Aim of the task: Please return the data that follows precisely as written, but without the images.

Phrase grounding data:
────────────────
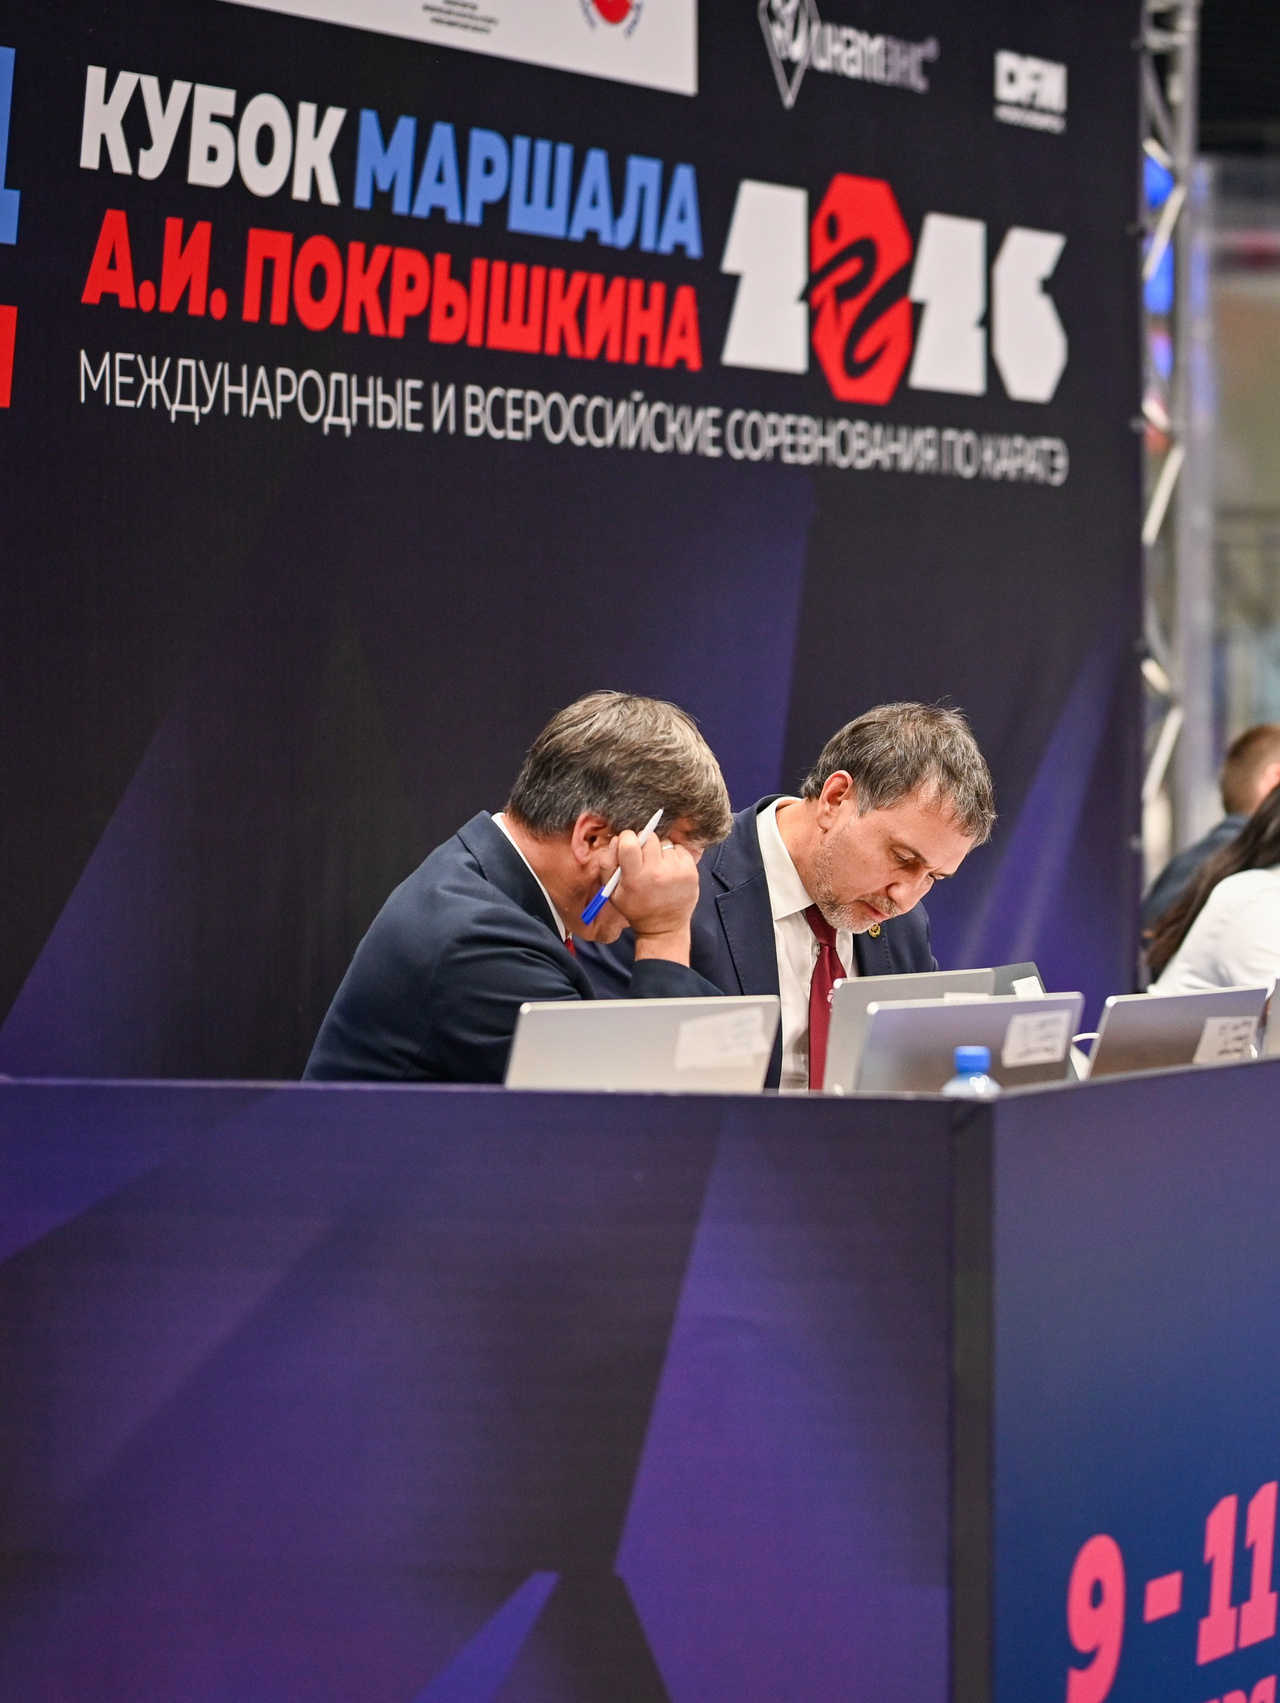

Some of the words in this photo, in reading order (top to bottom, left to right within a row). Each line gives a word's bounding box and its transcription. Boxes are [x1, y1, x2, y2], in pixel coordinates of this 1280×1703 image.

[80, 65, 346, 206] КУБОК
[354, 109, 702, 258] МАРШАЛА
[81, 208, 228, 321] А.И.
[242, 227, 702, 372] ПОКРЫШКИНА
[80, 349, 424, 438] МЕЖДУНАРОДНЫЕ
[431, 382, 456, 435] И
[464, 384, 723, 459] ВСЕРОССИЙСКИЕ
[725, 408, 940, 474] СОРЕВНОВАНИЯ
[941, 425, 981, 480] ПО
[1066, 1534, 1126, 1703] 9
[1196, 1481, 1278, 1666] 11
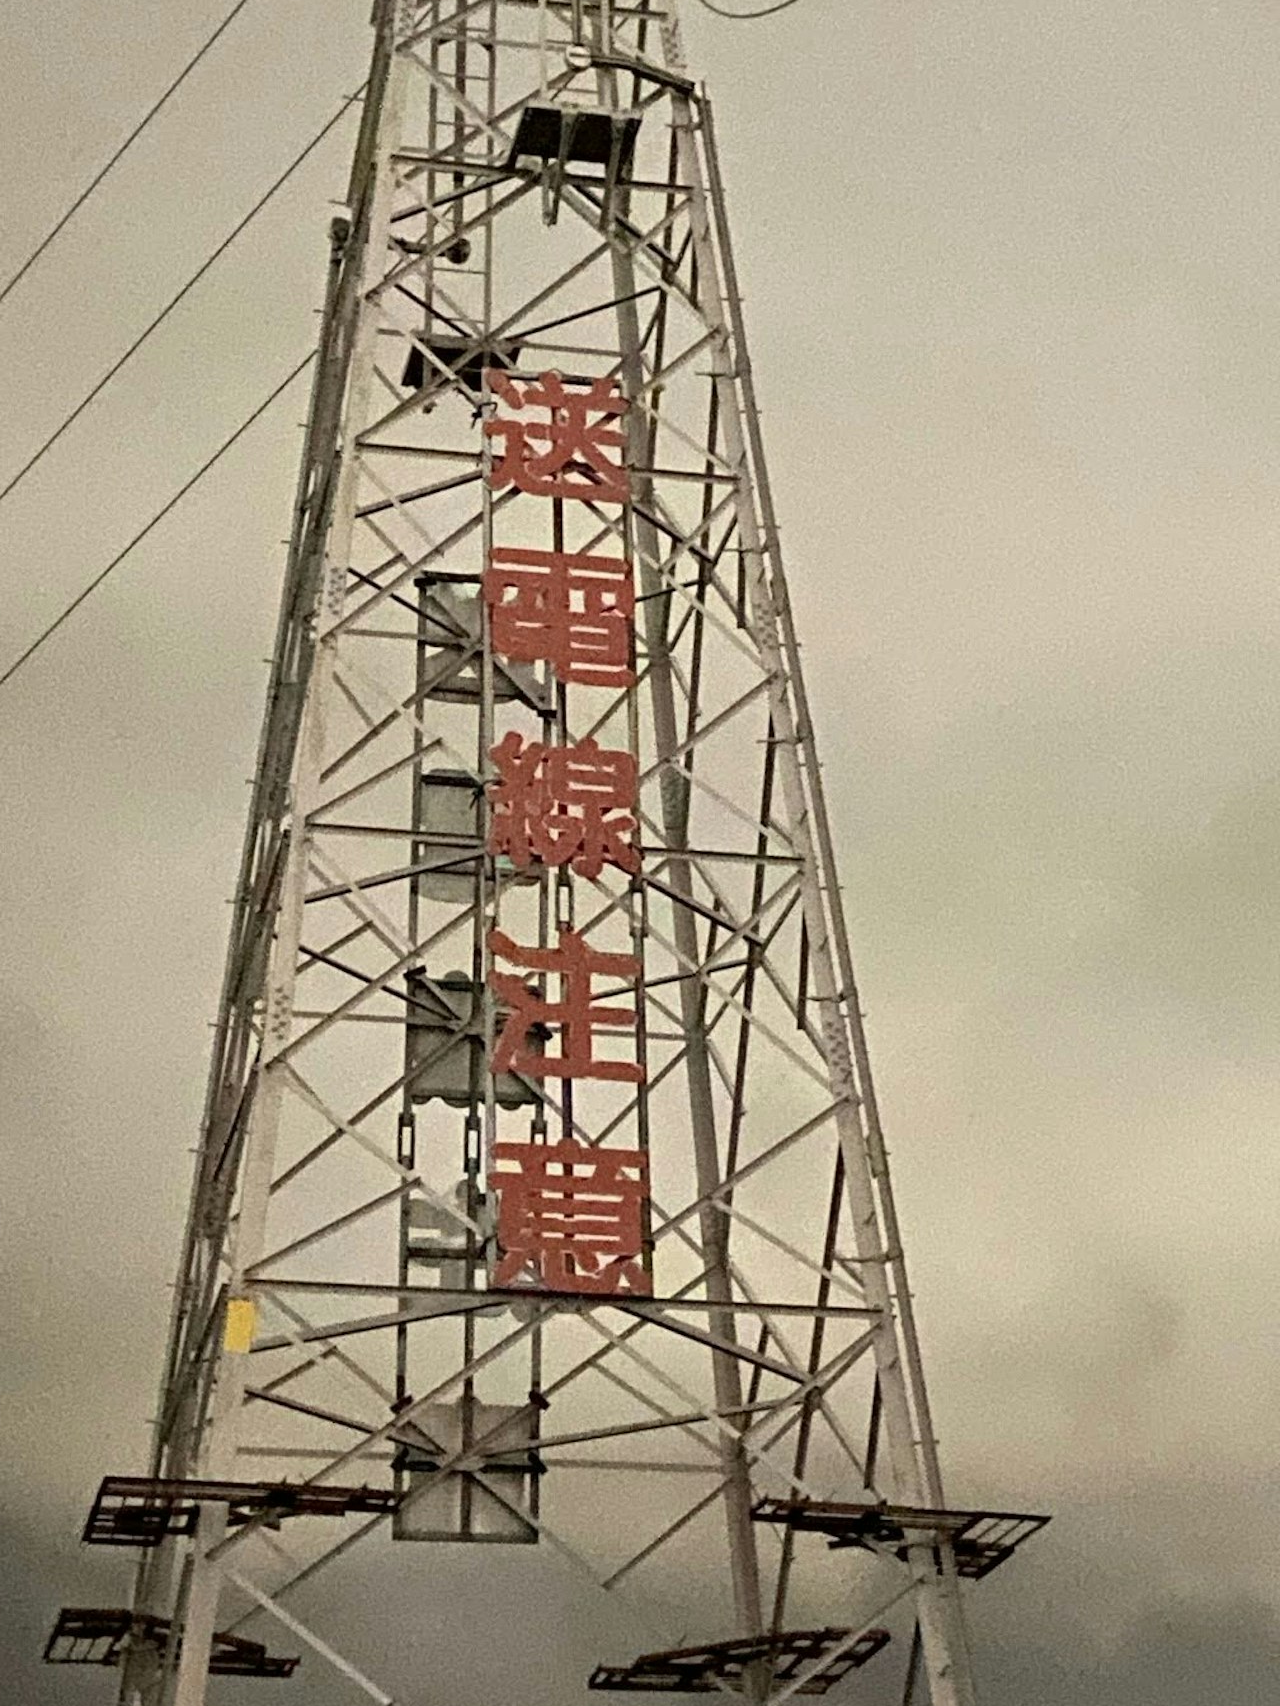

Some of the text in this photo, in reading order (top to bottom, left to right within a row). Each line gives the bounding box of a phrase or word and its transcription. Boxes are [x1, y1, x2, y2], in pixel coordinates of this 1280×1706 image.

[483, 369, 651, 1294] 送電線注意
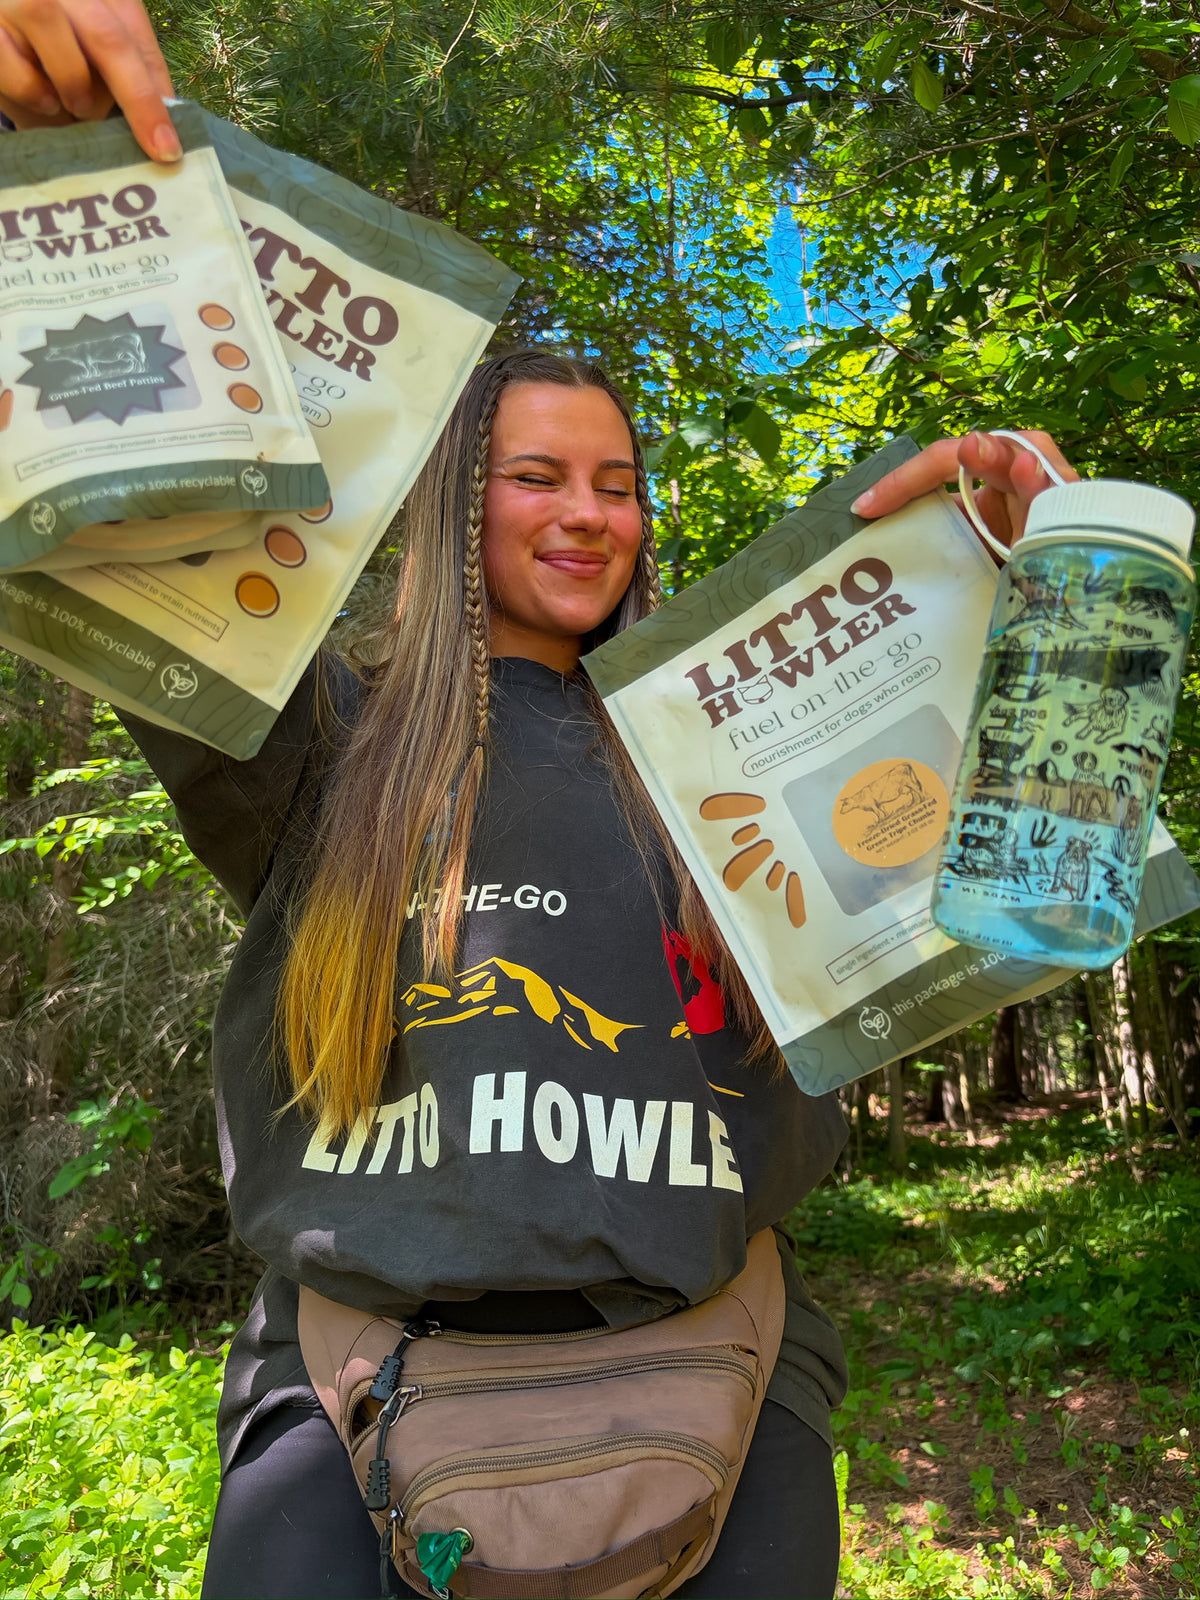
────────────────
Result of the exercise:
Some of the words in this photo, in reading order (top to bottom, left to right within a row). Each line gives a word's bounding box and its transcription. Boxes are [x1, y1, x2, y2], in pixel coordinates of this 1280×1703 image.

[80, 65, 346, 206] КУБОК
[354, 109, 702, 258] МАРШАЛА
[81, 208, 228, 321] А.И.
[242, 227, 702, 372] ПОКРЫШКИНА
[80, 349, 424, 438] МЕЖДУНАРОДНЫЕ
[431, 382, 456, 435] И
[464, 384, 723, 459] ВСЕРОССИЙСКИЕ
[725, 408, 940, 474] СОРЕВНОВАНИЯ
[941, 425, 981, 480] ПО
[1066, 1534, 1126, 1703] 9
[1196, 1481, 1278, 1666] 11

Some of the text in this photo, in reading order (top to bottom, left to right within a row). Each line gives the bounding box of a phrase or word and its transcription. Boxes are [x1, y1, x2, y2], in pixel coordinates of this 1280×1706 image.

[483, 369, 651, 1294] 送電線注意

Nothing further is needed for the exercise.